Records from a collection:
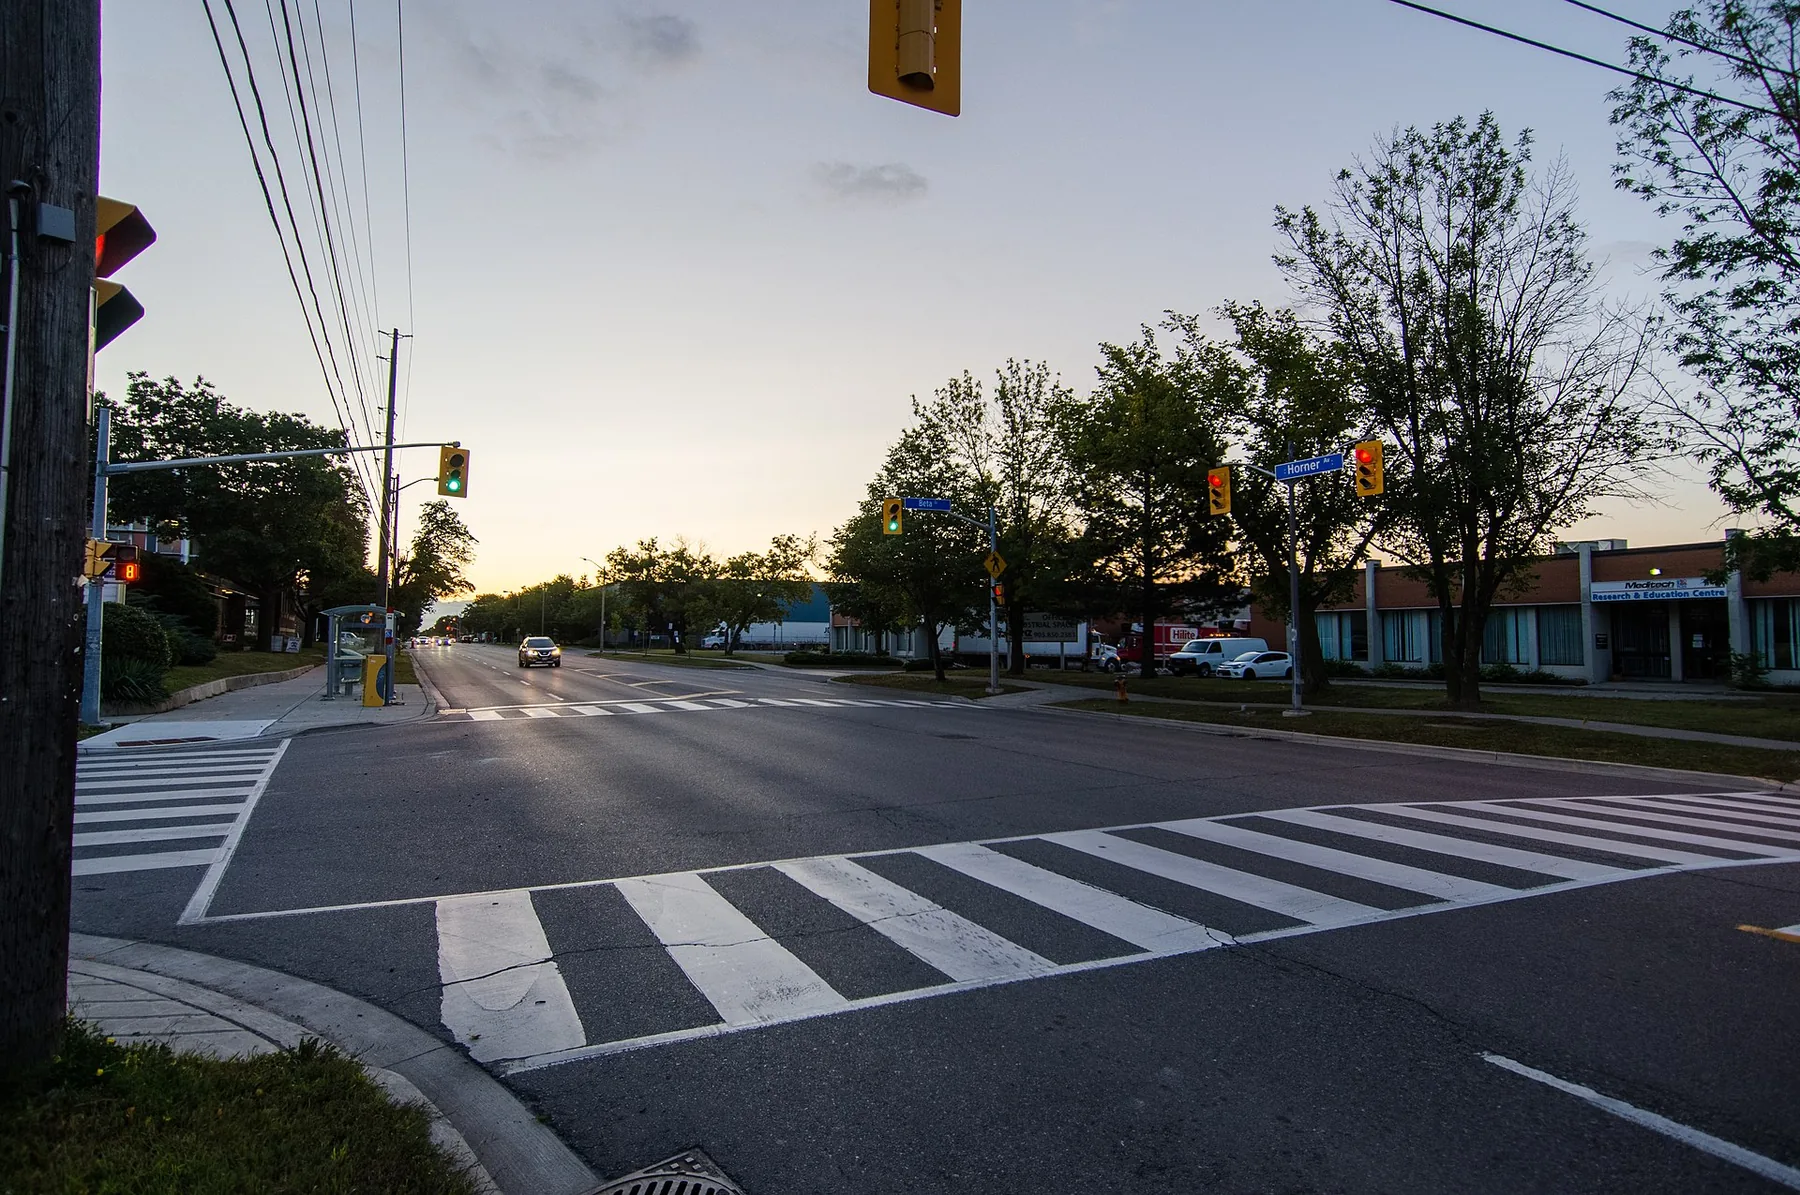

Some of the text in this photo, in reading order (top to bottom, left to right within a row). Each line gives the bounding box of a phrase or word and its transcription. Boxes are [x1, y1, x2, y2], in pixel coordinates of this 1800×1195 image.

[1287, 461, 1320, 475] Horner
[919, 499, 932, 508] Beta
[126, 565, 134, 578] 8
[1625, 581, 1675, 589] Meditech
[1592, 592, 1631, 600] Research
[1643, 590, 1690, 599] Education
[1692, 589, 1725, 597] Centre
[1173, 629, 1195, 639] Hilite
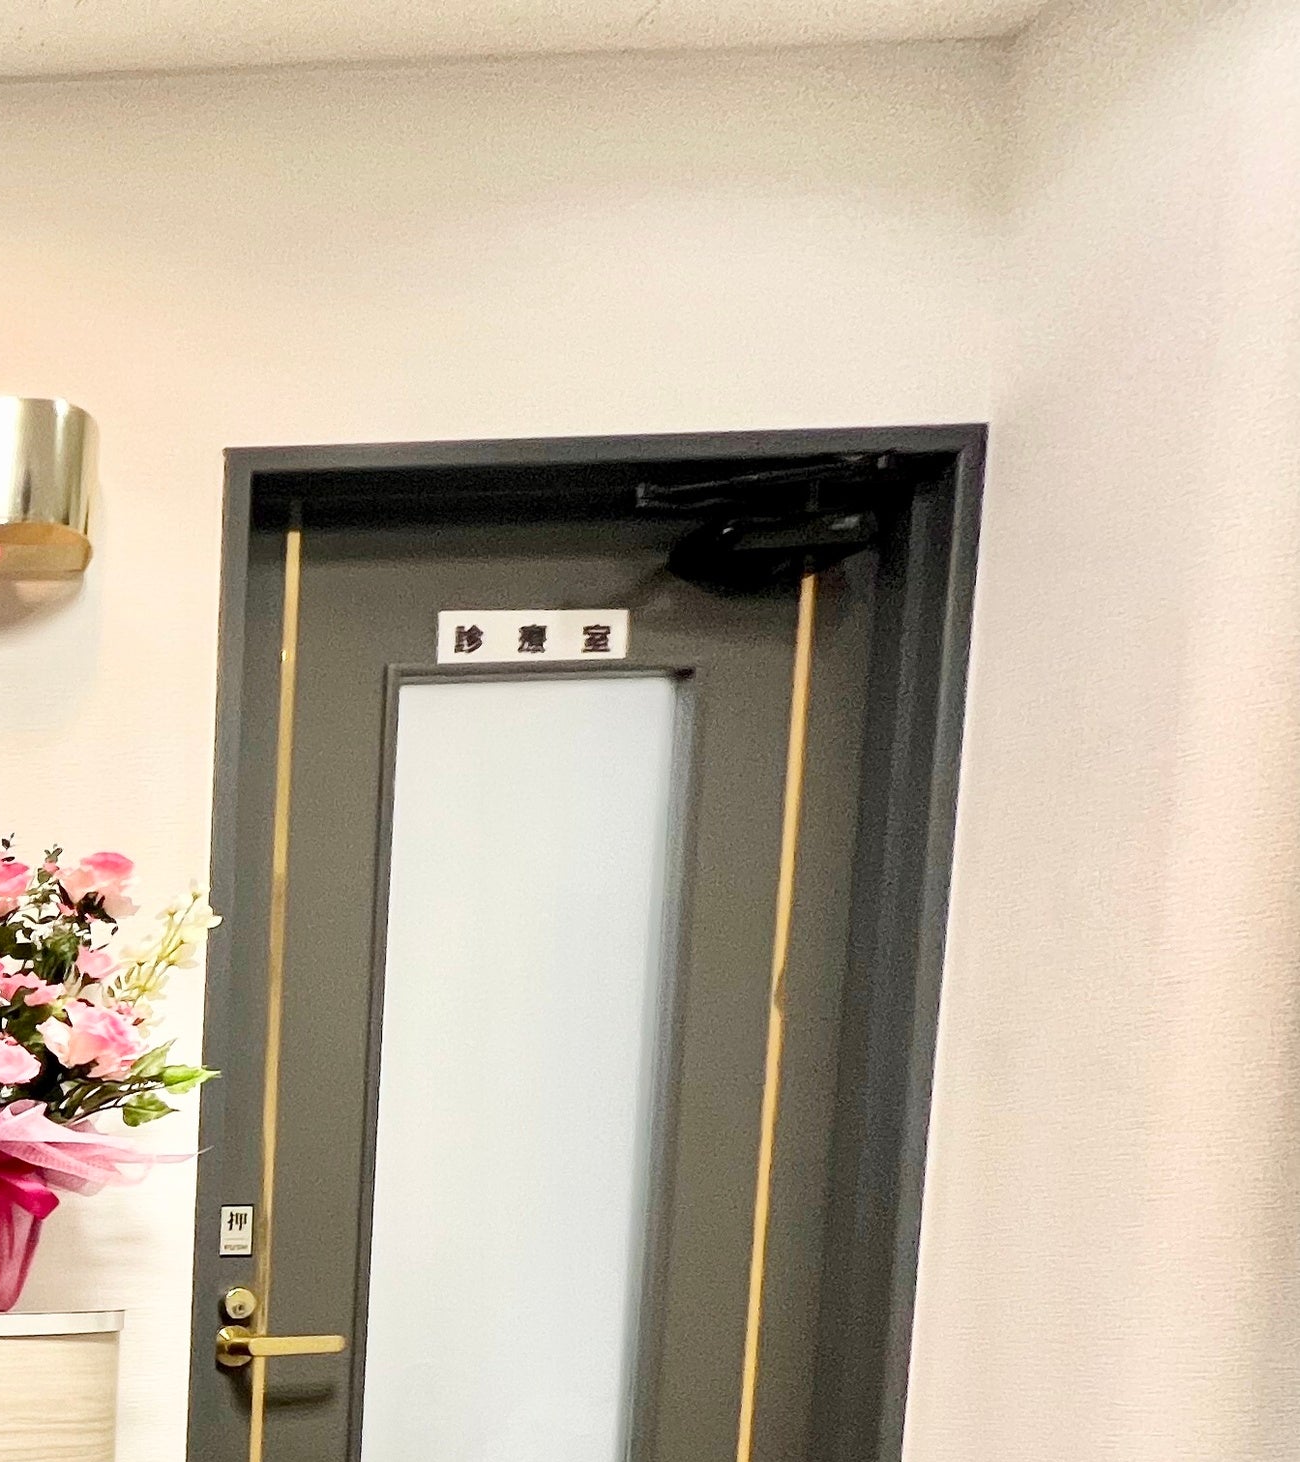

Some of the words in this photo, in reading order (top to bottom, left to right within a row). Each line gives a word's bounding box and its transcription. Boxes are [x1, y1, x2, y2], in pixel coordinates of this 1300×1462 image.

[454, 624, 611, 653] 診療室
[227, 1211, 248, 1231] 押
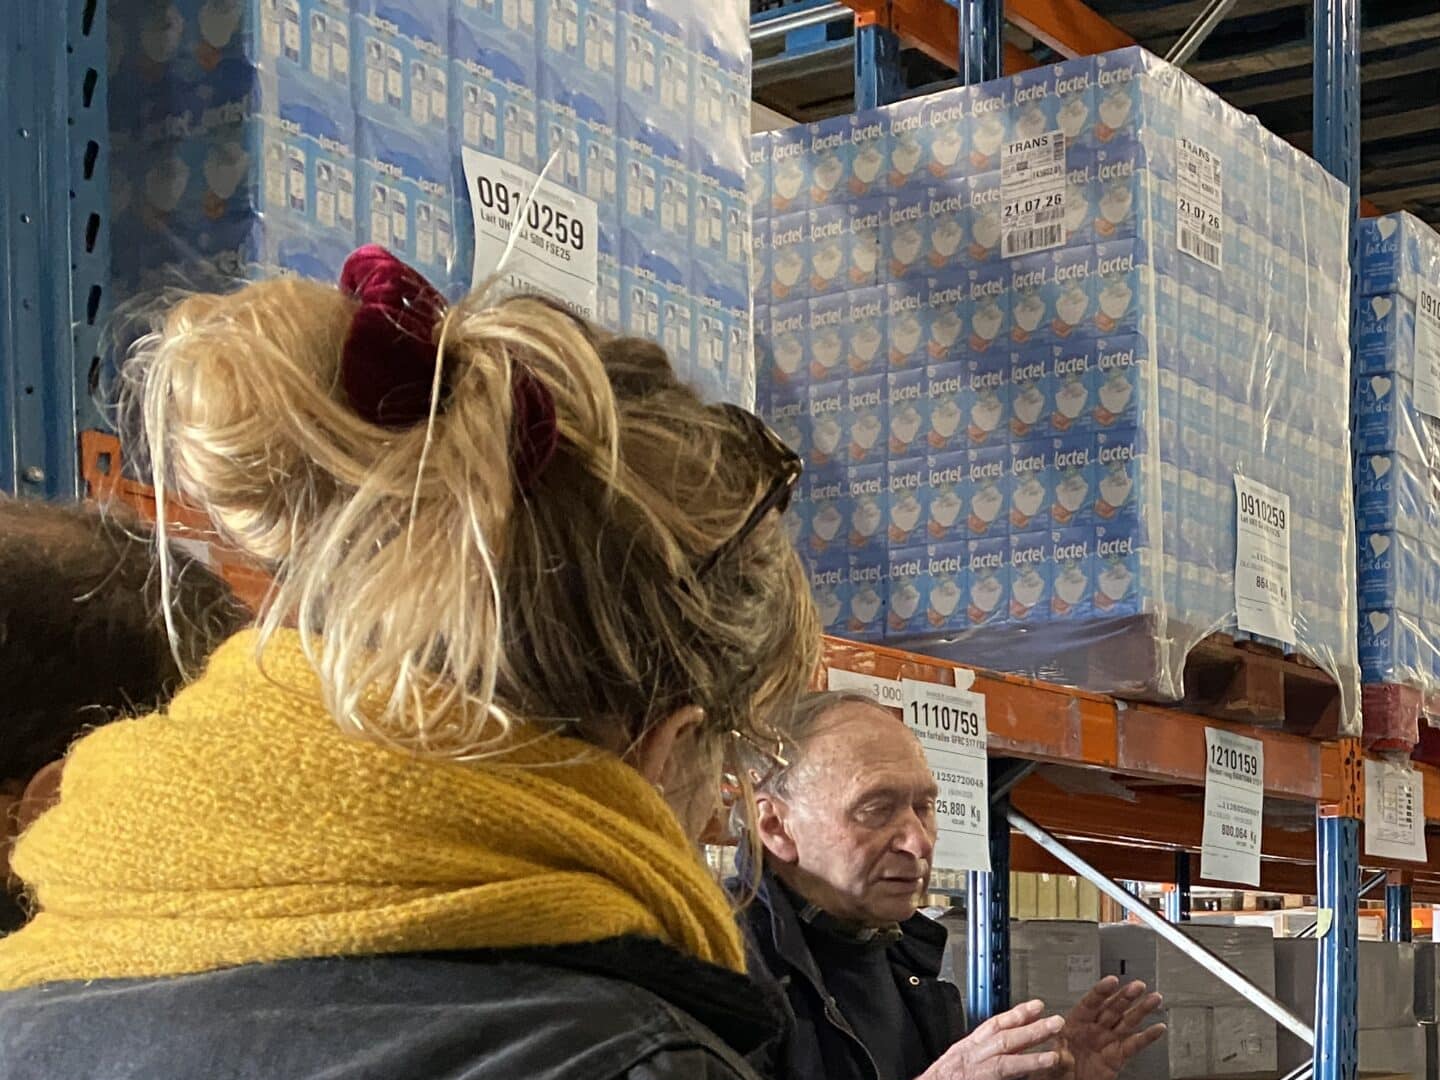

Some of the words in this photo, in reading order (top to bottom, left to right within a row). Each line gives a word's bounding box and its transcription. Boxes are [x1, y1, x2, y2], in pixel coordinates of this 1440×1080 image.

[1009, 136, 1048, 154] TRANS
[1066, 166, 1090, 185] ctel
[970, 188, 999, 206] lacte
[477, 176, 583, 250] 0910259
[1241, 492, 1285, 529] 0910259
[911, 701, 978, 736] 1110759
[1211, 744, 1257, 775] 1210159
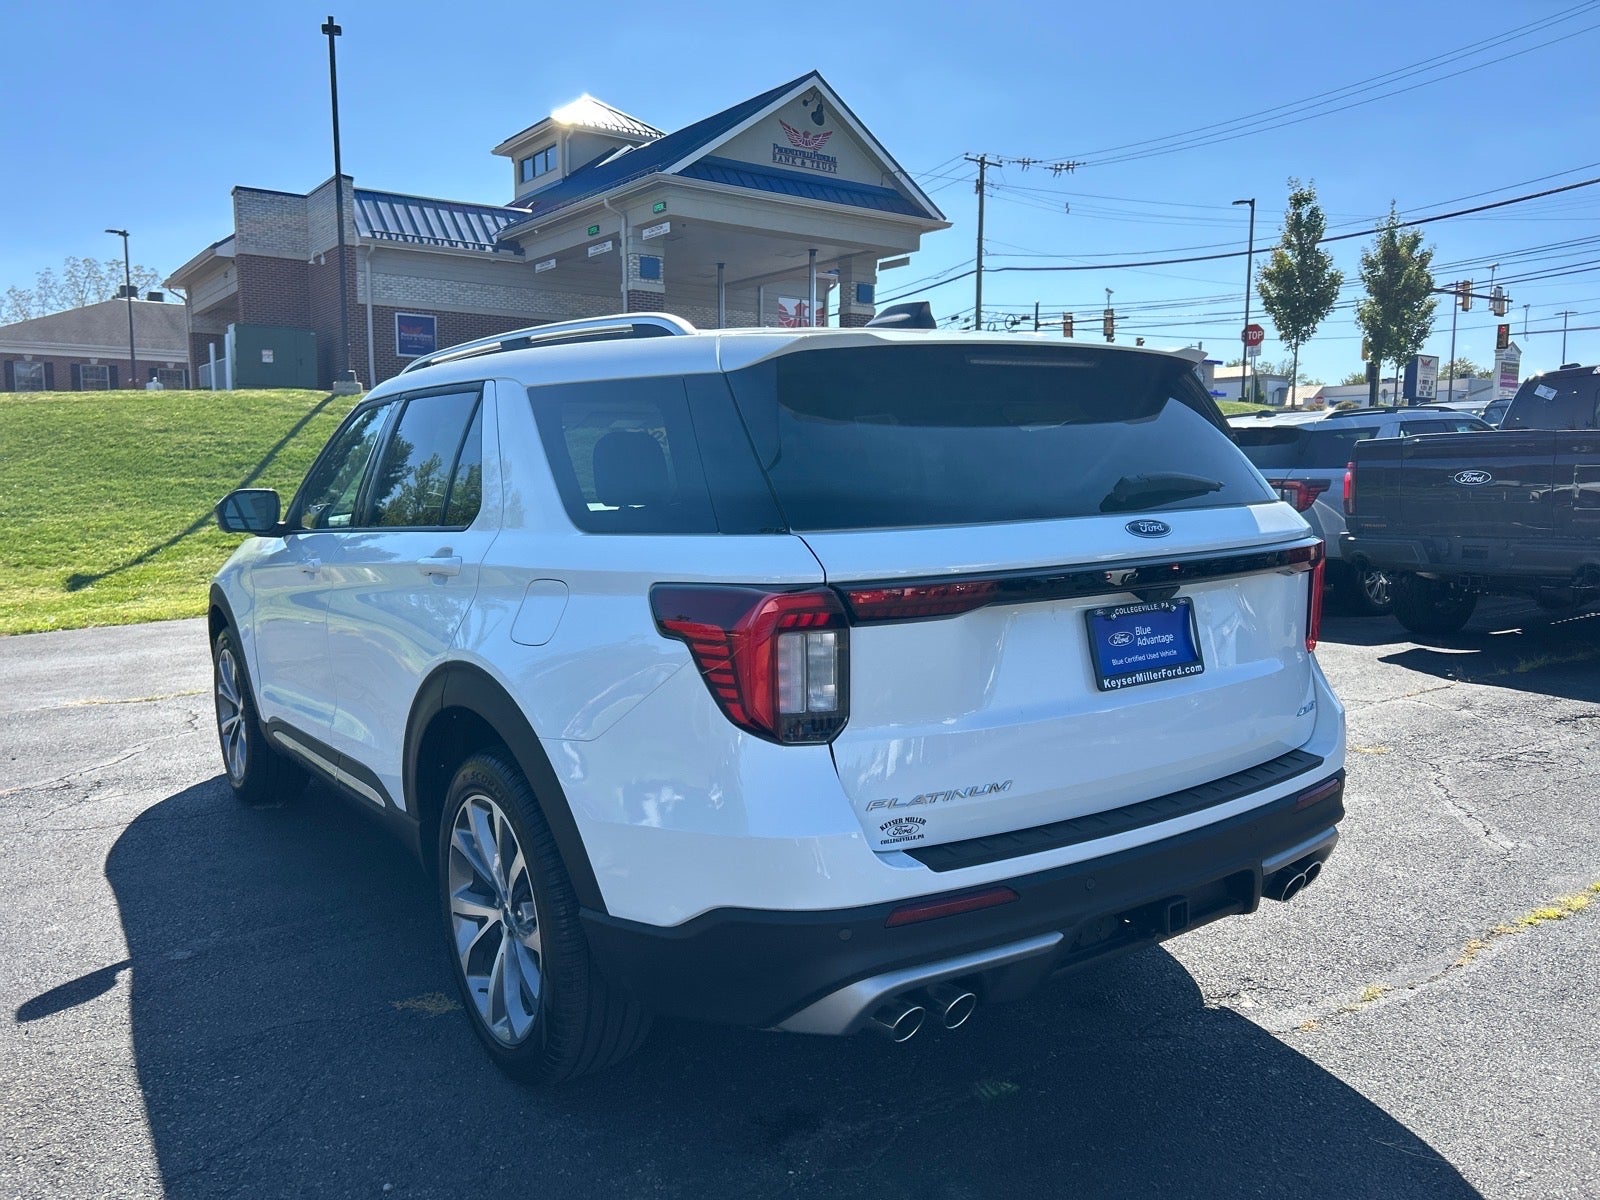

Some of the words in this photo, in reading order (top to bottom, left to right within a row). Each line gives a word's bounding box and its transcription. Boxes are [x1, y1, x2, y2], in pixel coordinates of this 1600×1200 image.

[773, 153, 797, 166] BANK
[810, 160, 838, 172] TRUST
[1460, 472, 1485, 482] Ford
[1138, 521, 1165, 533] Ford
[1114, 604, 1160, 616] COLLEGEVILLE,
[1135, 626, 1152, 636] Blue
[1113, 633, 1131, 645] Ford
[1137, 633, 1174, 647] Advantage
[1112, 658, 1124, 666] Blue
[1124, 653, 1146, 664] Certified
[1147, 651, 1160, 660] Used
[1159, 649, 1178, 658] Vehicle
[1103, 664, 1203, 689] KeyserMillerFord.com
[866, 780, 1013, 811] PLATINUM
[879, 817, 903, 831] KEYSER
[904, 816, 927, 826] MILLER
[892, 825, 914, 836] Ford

The problem: Your copy of the entries above must be exact and must not include pictures.

Solved exercise:
Some of the text in this photo, in reading order (top to bottom, left to right within a row). Each line gives the bounding box of a phrase or word and its transcription. Boxes are [x1, y1, x2, y2], in pixel coordinates of this 1800×1195 image.

[1287, 461, 1320, 475] Horner
[919, 499, 932, 508] Beta
[126, 565, 134, 578] 8
[1625, 581, 1675, 589] Meditech
[1592, 592, 1631, 600] Research
[1643, 590, 1690, 599] Education
[1692, 589, 1725, 597] Centre
[1173, 629, 1195, 639] Hilite

Some of the words in this photo, in reading order (top to bottom, left to right within a row). Each line gives a word's bounding box and its transcription. Boxes are [x1, y1, x2, y2], in pixel coordinates of this 1300×1462 image.

[454, 624, 611, 653] 診療室
[227, 1211, 248, 1231] 押

Some of the words in this photo, in reading order (top to bottom, left to right within a row). Each line gives a word's bounding box and its transcription. Boxes are [x1, y1, x2, y2], in pixel coordinates of this 1440×1080 image.

[1009, 136, 1048, 154] TRANS
[1066, 166, 1090, 185] ctel
[970, 188, 999, 206] lacte
[477, 176, 583, 250] 0910259
[1241, 492, 1285, 529] 0910259
[911, 701, 978, 736] 1110759
[1211, 744, 1257, 775] 1210159

Some of the words in this photo, in reading order (top to bottom, left to right within a row). Each line gives a word's bounding box and its transcription. Boxes are [x1, y1, x2, y2], in pixel coordinates of this 1600×1200 image.

[773, 153, 797, 166] BANK
[810, 160, 838, 172] TRUST
[1460, 472, 1485, 482] Ford
[1138, 521, 1165, 533] Ford
[1114, 604, 1160, 616] COLLEGEVILLE,
[1135, 626, 1152, 636] Blue
[1113, 633, 1131, 645] Ford
[1137, 633, 1174, 647] Advantage
[1112, 658, 1124, 666] Blue
[1124, 653, 1146, 664] Certified
[1147, 651, 1160, 660] Used
[1159, 649, 1178, 658] Vehicle
[1103, 664, 1203, 689] KeyserMillerFord.com
[866, 780, 1013, 811] PLATINUM
[879, 817, 903, 831] KEYSER
[904, 816, 927, 826] MILLER
[892, 825, 914, 836] Ford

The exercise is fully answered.